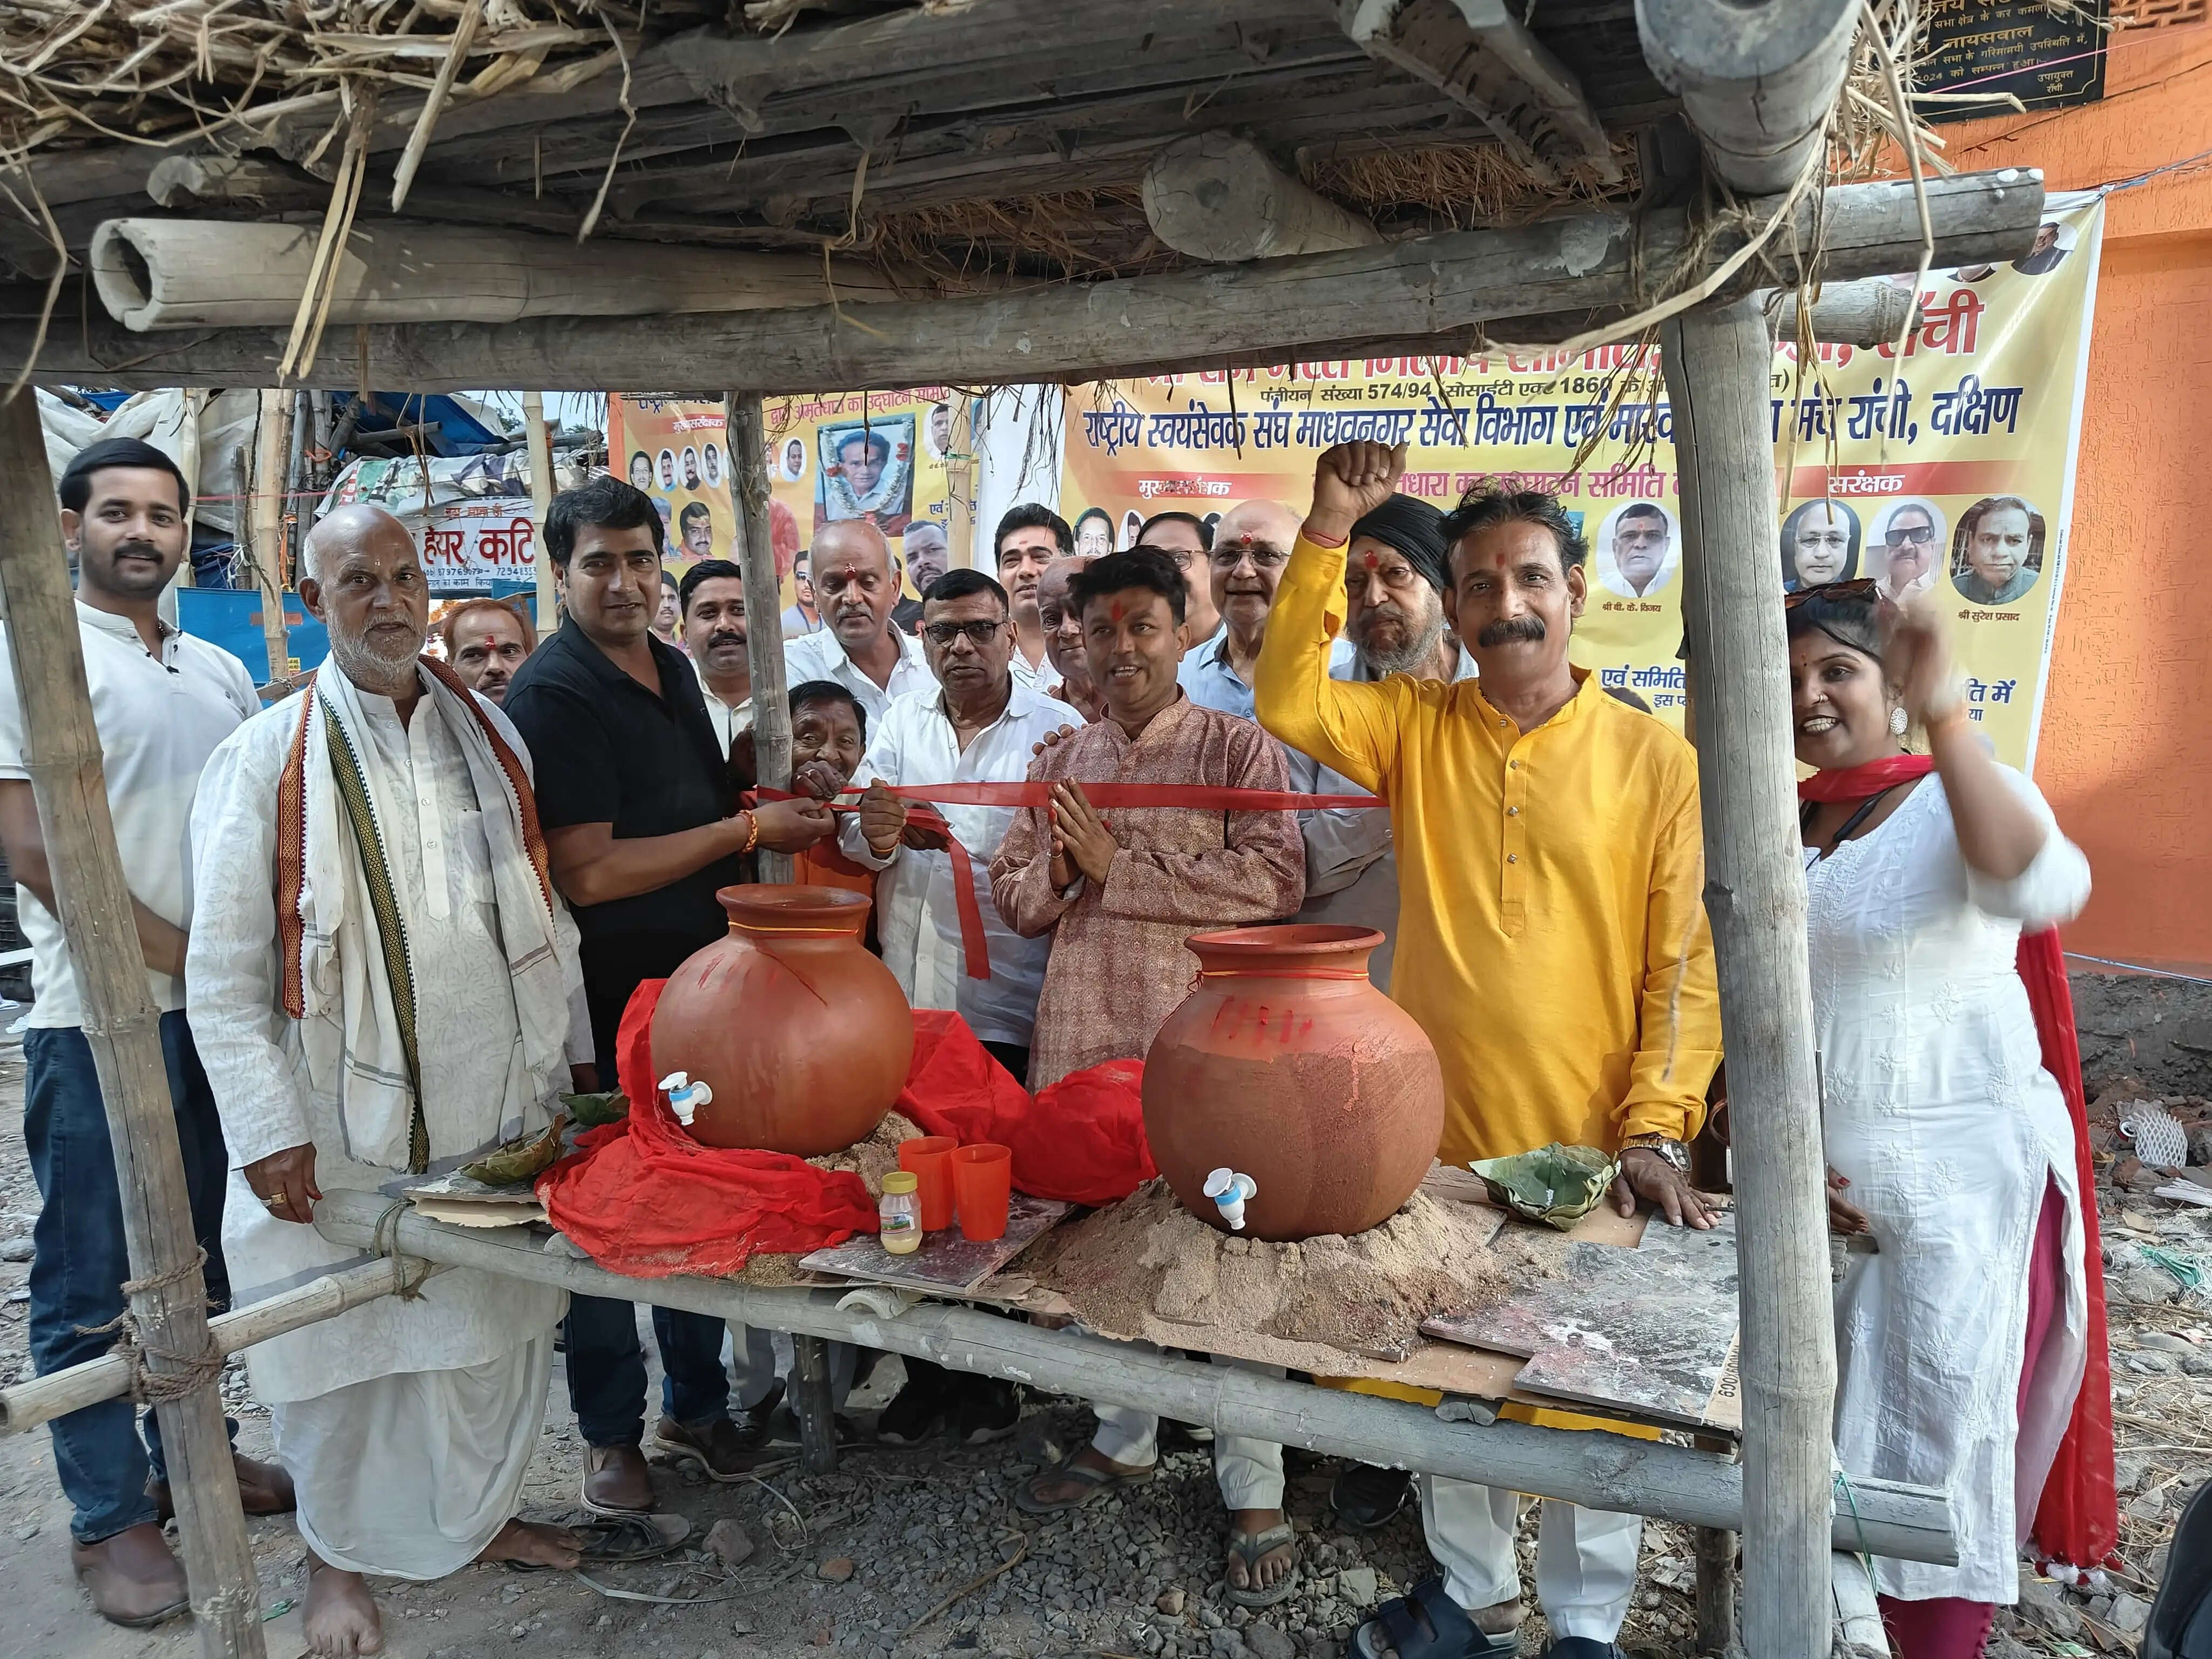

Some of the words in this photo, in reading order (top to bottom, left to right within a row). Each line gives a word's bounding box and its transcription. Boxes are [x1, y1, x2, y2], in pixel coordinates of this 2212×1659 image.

[1980, 10, 1990, 22] के
[1966, 50, 1974, 60] के
[1950, 66, 1964, 78] को
[1321, 384, 1363, 401] संख्या
[1368, 382, 1432, 400] 574/94
[847, 396, 864, 413] का
[1083, 401, 1145, 456] राष्ट्रीय
[1148, 399, 1249, 449] स्वयंसेवक
[1254, 397, 1293, 448] संघ
[1297, 409, 1417, 448] माधवनगर
[1420, 393, 1470, 447] सेवा
[1474, 393, 1559, 446] विभाग
[1565, 388, 1609, 448] एवं
[1847, 376, 1918, 446] रांची,
[1931, 374, 2024, 435] दक्षिण
[1588, 463, 1667, 498] समिति
[479, 517, 536, 565] कटि
[1602, 602, 1613, 611] श्री
[1958, 609, 1971, 620] श्री
[1972, 610, 1993, 622] सुरेश
[1995, 612, 2020, 621] प्रसाद
[1601, 664, 1630, 686] एवं
[1992, 679, 2017, 704] में
[1654, 694, 1674, 708] इस

....

#### WHAT THE TASK ASKS:
Your response should reproduce the entire listing verbatim, minus the pictures.

#### ANSWER BOX:
Some of the words in this photo, in reading order (top to bottom, left to right within a row). Each line gives a word's bounding box and its transcription. Boxes are [x1, y1, x2, y2], in pixel coordinates of this 2212×1659 image.

[1980, 10, 1990, 22] के
[1966, 50, 1974, 60] के
[1950, 66, 1964, 78] को
[1321, 384, 1363, 401] संख्या
[1368, 382, 1432, 400] 574/94
[847, 396, 864, 413] का
[1083, 401, 1145, 456] राष्ट्रीय
[1148, 399, 1249, 449] स्वयंसेवक
[1254, 397, 1293, 448] संघ
[1297, 409, 1417, 448] माधवनगर
[1420, 393, 1470, 447] सेवा
[1474, 393, 1559, 446] विभाग
[1565, 388, 1609, 448] एवं
[1847, 376, 1918, 446] रांची,
[1931, 374, 2024, 435] दक्षिण
[1588, 463, 1667, 498] समिति
[479, 517, 536, 565] कटि
[1602, 602, 1613, 611] श्री
[1958, 609, 1971, 620] श्री
[1972, 610, 1993, 622] सुरेश
[1995, 612, 2020, 621] प्रसाद
[1601, 664, 1630, 686] एवं
[1992, 679, 2017, 704] में
[1654, 694, 1674, 708] इस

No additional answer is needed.